With the pictures excluded, repeat every entry exactly.

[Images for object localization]
▶

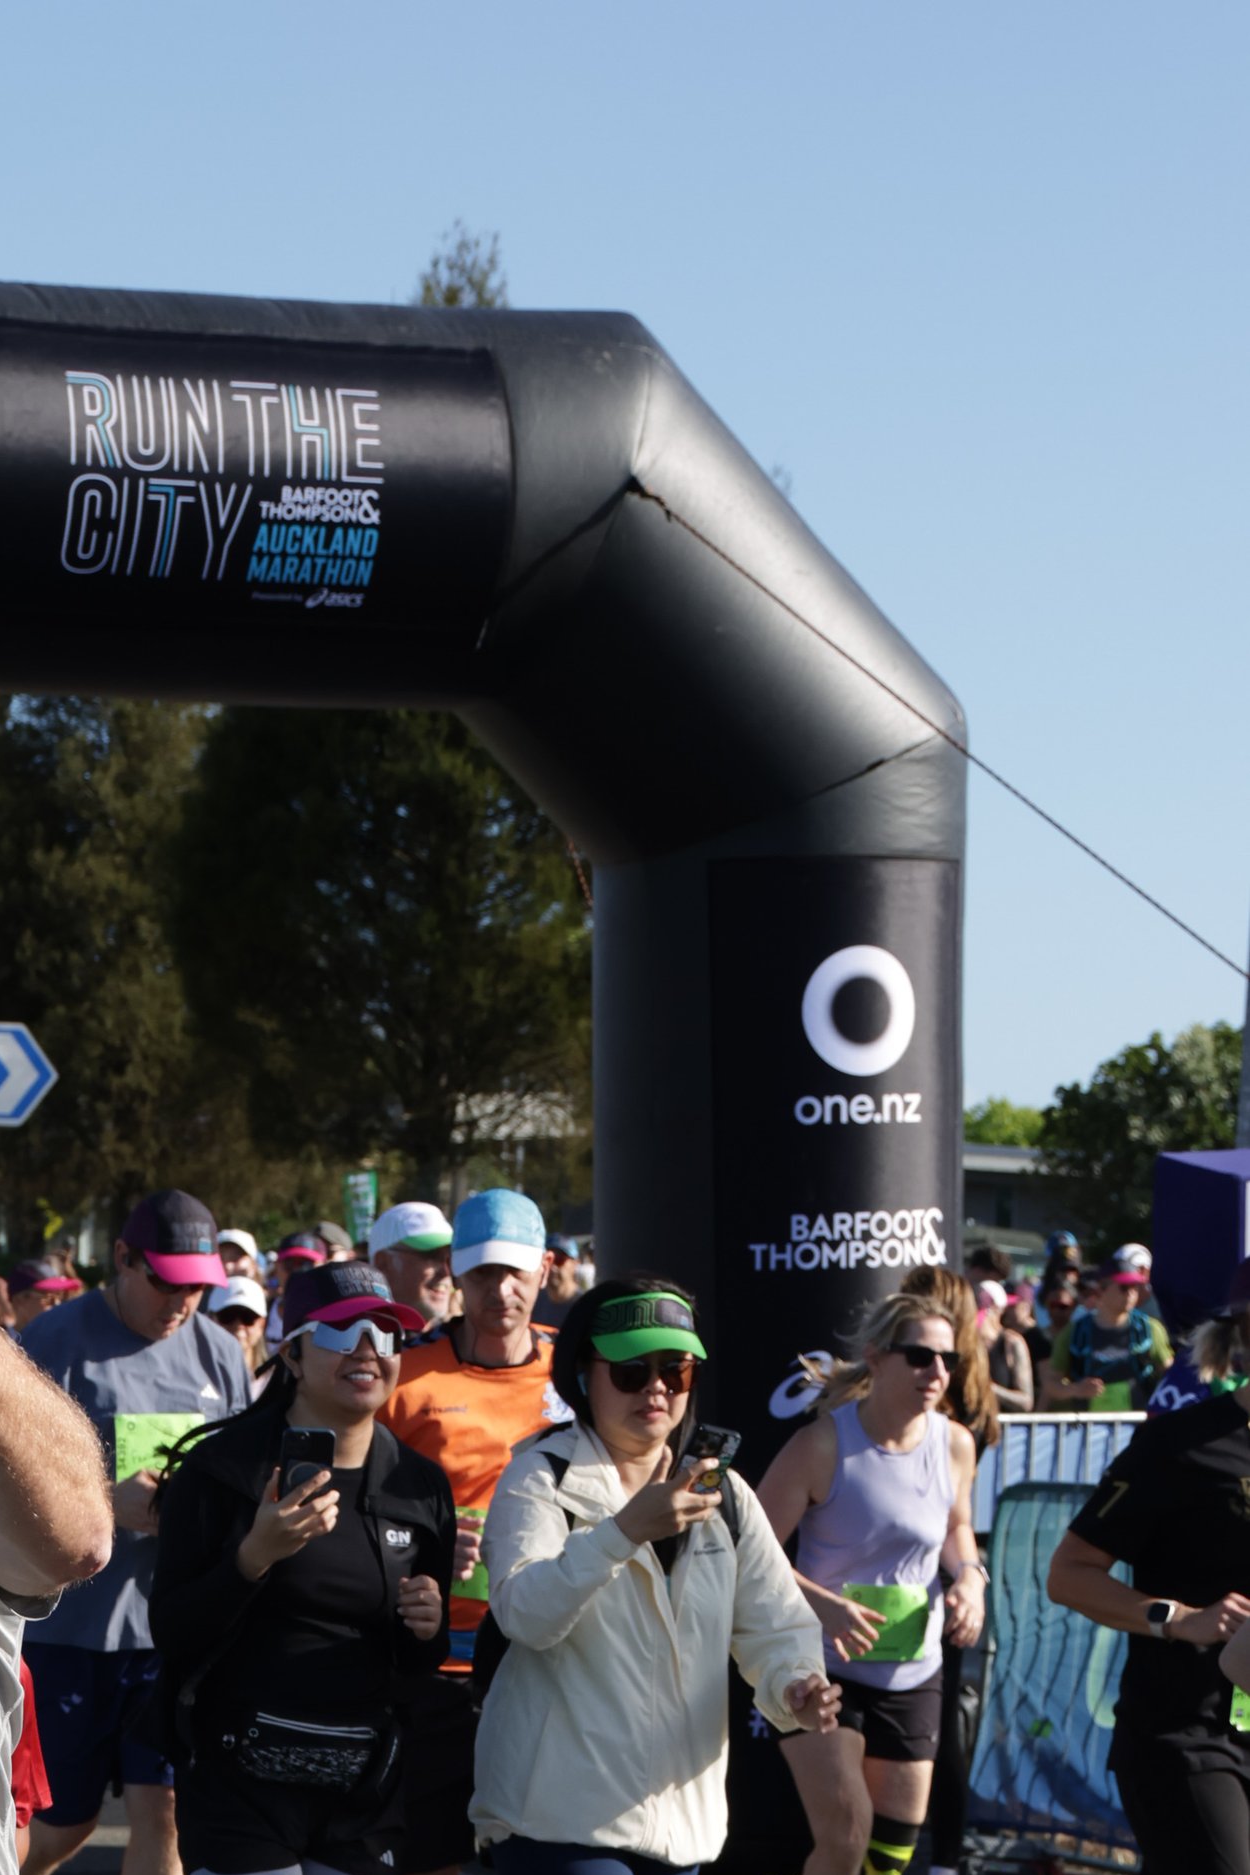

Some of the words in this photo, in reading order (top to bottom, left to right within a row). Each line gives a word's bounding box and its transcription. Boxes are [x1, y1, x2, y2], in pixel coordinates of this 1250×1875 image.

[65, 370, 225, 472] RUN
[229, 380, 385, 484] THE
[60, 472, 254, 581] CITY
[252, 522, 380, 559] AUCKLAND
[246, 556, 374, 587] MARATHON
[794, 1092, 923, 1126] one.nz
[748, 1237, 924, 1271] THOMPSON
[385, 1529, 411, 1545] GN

◀

- _EXERCISE RESPONSE_:
Some of the words in this photo, in reading order (top to bottom, left to right within a row). Each line gives a word's bounding box and its transcription. Boxes are [x1, y1, x2, y2], in pixel coordinates of this 1250×1875 image.

[65, 370, 225, 472] RUN
[229, 380, 385, 484] THE
[60, 472, 254, 581] CITY
[252, 522, 380, 559] AUCKLAND
[246, 556, 374, 587] MARATHON
[794, 1092, 923, 1126] one.nz
[748, 1237, 924, 1271] THOMPSON
[385, 1529, 411, 1545] GN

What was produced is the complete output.